- **Input material**:
◇ ◇ ◇ ◇ ◇

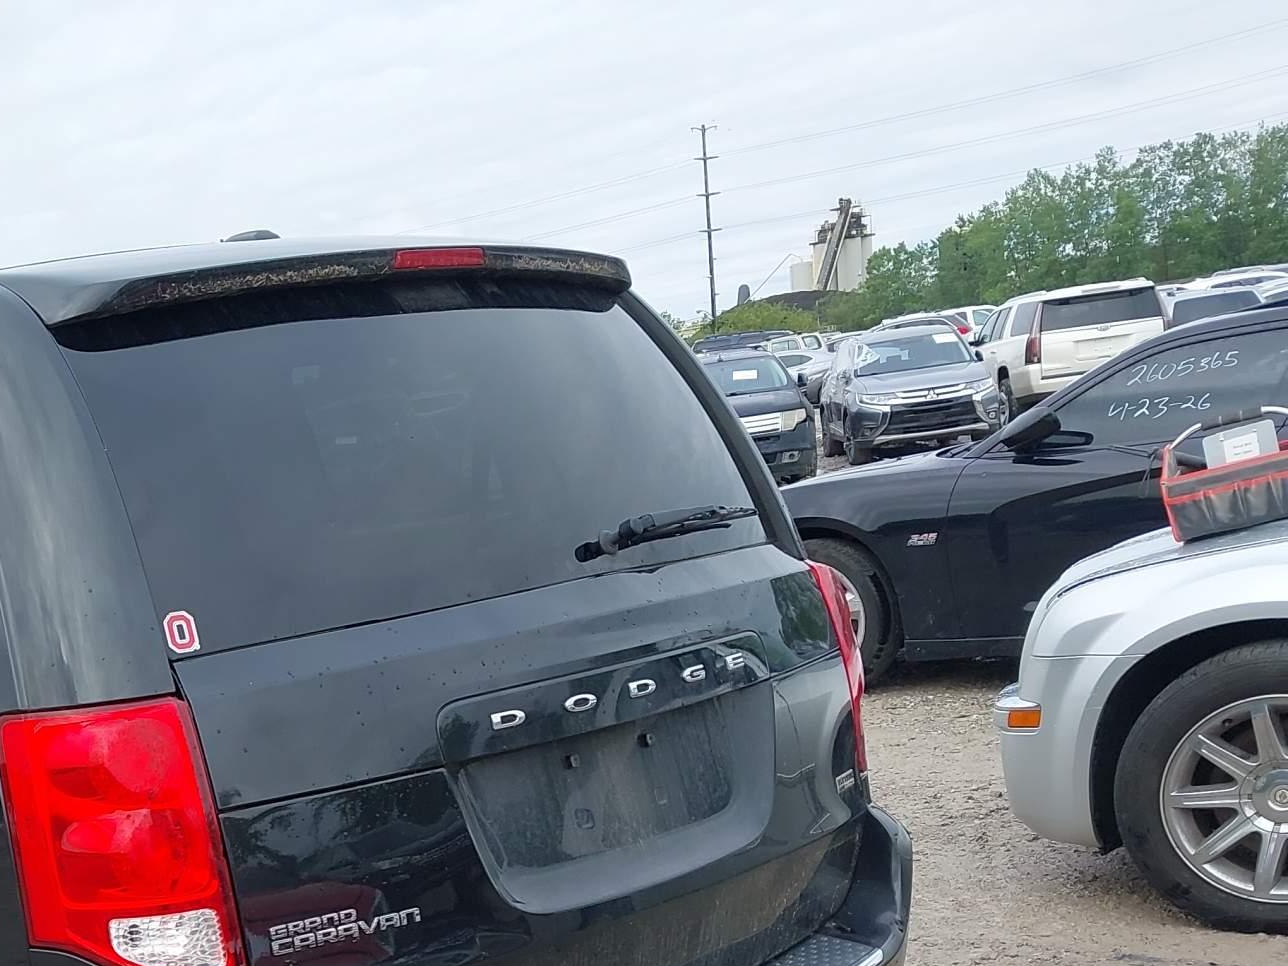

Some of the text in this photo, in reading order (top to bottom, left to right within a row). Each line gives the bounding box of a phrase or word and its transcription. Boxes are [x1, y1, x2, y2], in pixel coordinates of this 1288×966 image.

[1126, 350, 1240, 386] 2605365
[1107, 392, 1212, 421] 4-23-26
[490, 652, 745, 730] DODGE
[269, 908, 358, 940] GRAND
[271, 907, 422, 957] CARAVAN

◇ ◇ ◇ ◇ ◇

- **Work instruction**: Output each line exactly as shown above; no pictures go in the copy.

- **Answer for the task**:
Some of the text in this photo, in reading order (top to bottom, left to right within a row). Each line gives the bounding box of a phrase or word and its transcription. Boxes are [x1, y1, x2, y2], in pixel coordinates of this 1288×966 image.

[1126, 350, 1240, 386] 2605365
[1107, 392, 1212, 421] 4-23-26
[490, 652, 745, 730] DODGE
[269, 908, 358, 940] GRAND
[271, 907, 422, 957] CARAVAN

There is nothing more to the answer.